Anyi LiElectrospray Ionization Mass Spectrometry in the Femto Regime: the Softness, Ionization Efficiency, and Individual Ions

Electrospray ionization (ESI) is an indispensable mass spectrometry method for solution phase analytes. However, ESI still has quite a few major limitations such as 1) non-uniform ionization efficiency that affects quantitative analysis; 2) harsh or extreme chemical environment caused by the evolution of the charged droplets; 3) higher (nanoamps) than needed (picoamps) ion currents leading to wasteful sample utilization leads and instrument contamination. The non-ideal ionization efficiency of ESI is not determined, and explained by existing chemical properties. In contrast, analyte charging in solution phase is predictable based on pH and pKa. New experimental and theoretical approaches are required to charging process in ESI, and to eventually overcome the limitations.
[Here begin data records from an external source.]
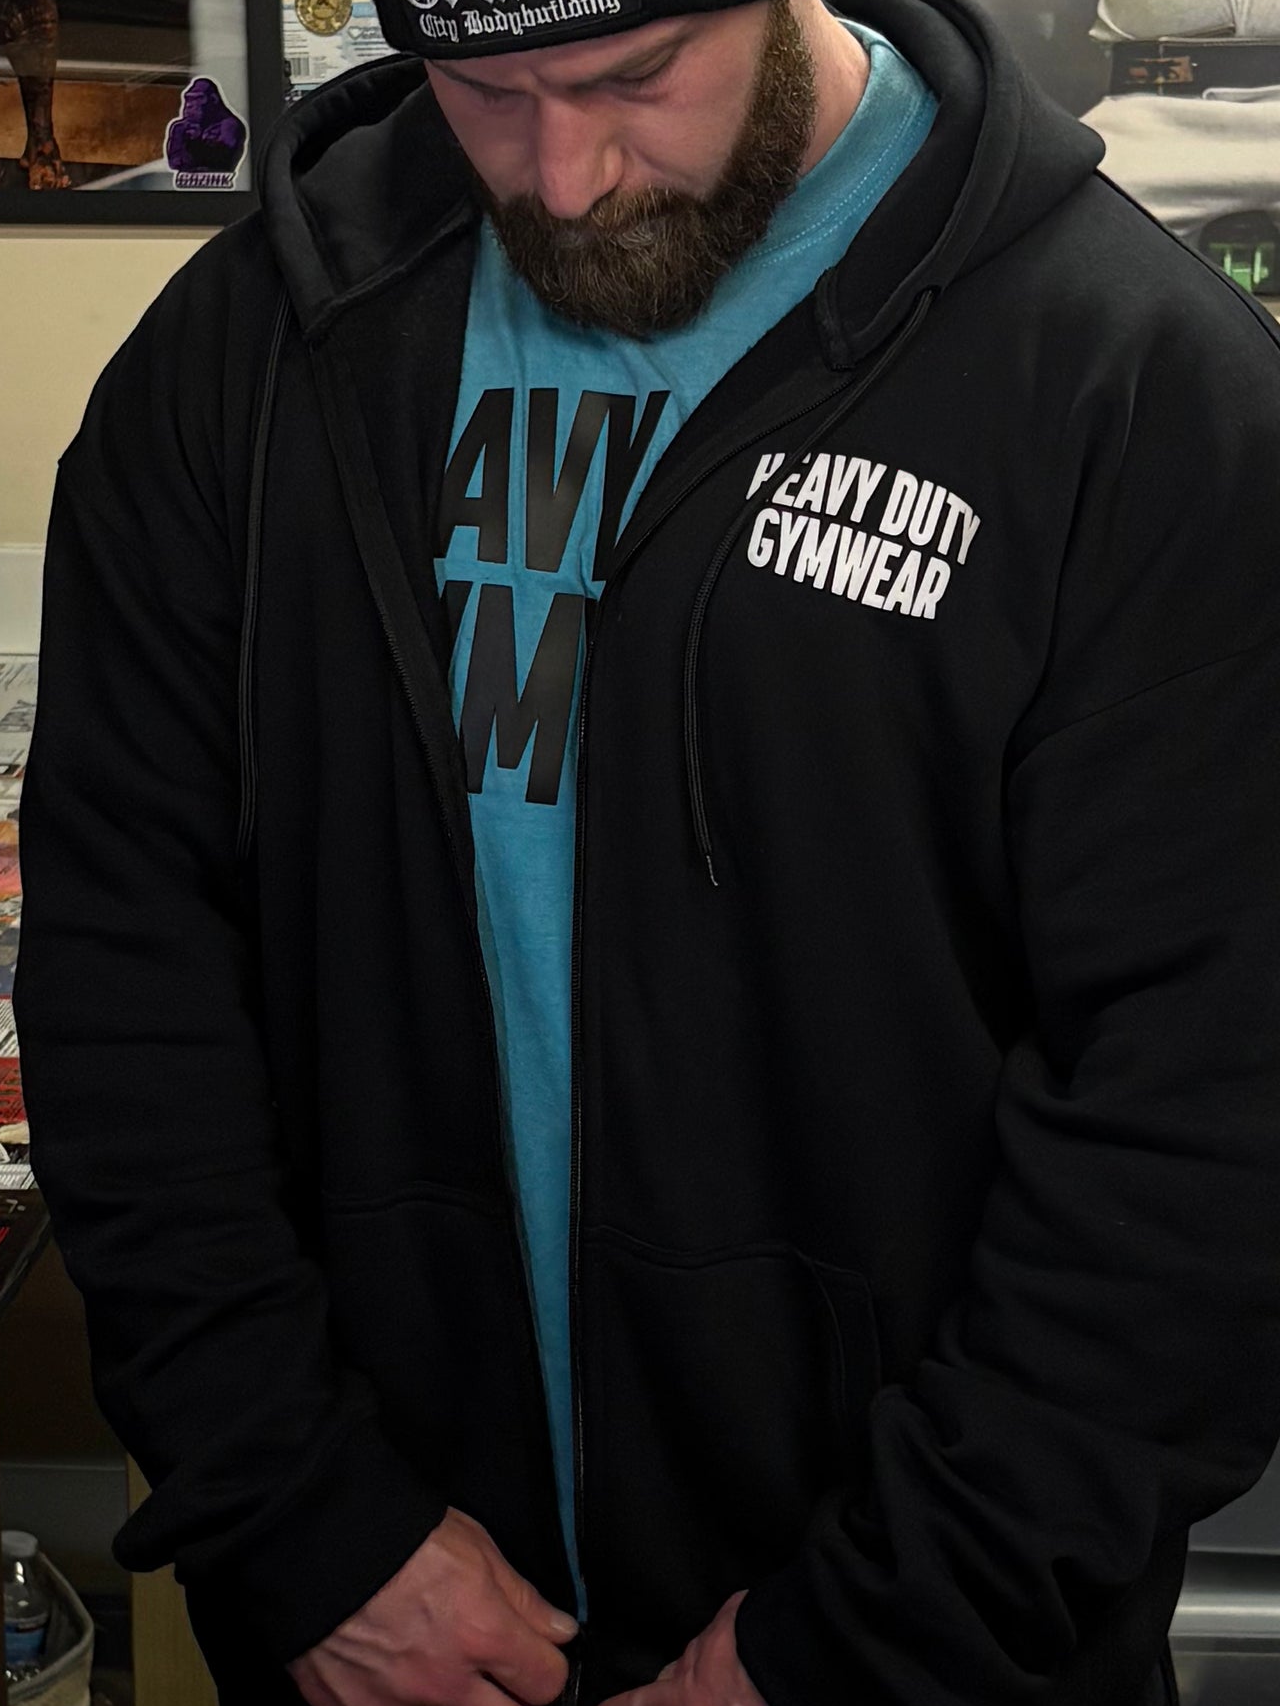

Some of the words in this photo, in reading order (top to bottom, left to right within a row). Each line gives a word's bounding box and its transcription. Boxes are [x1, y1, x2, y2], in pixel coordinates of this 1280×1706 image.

[419, 12, 460, 43] City
[435, 386, 672, 582] AVY
[745, 452, 888, 524] HEAVY
[878, 468, 981, 566] DUTY
[746, 507, 952, 621] GYMWEAR
Reducing the flow rate of ESI to produce smaller and more efficiently charged droplets is a known strategy to improve ESI performance. In the past few decades, microflow, nanoflow, and picoflow ESI have been developed with increasing sensitivity and specific niche in various applications. To reach theoretical optimum conditions, the Li group is developing methods to conduct ESI with femtoamp (fA) currents, femto flow (fL/min), and from localized nanoscale meniscus. This seminar discusses the new properties of ESI in these femto regimes. Hydrophilic analytes including glycans, glycopeptide, and intact proteins were ionized at enhanced efficiencies that surpass prior literature reports. New equations are developed to calculate the size of nanoscale initial charged droplets. The femto ESI regime also enabled the analysis of environmental contaminants, directly from nonpolar extraction solvent. Lastly, we demonstrate how femtoESI could facilitate individual ion mass spectrometry, to enable the ultra-soft analysis of fullerene derivatives, and to allow atomic efficient deposition of noble metal nanostructure.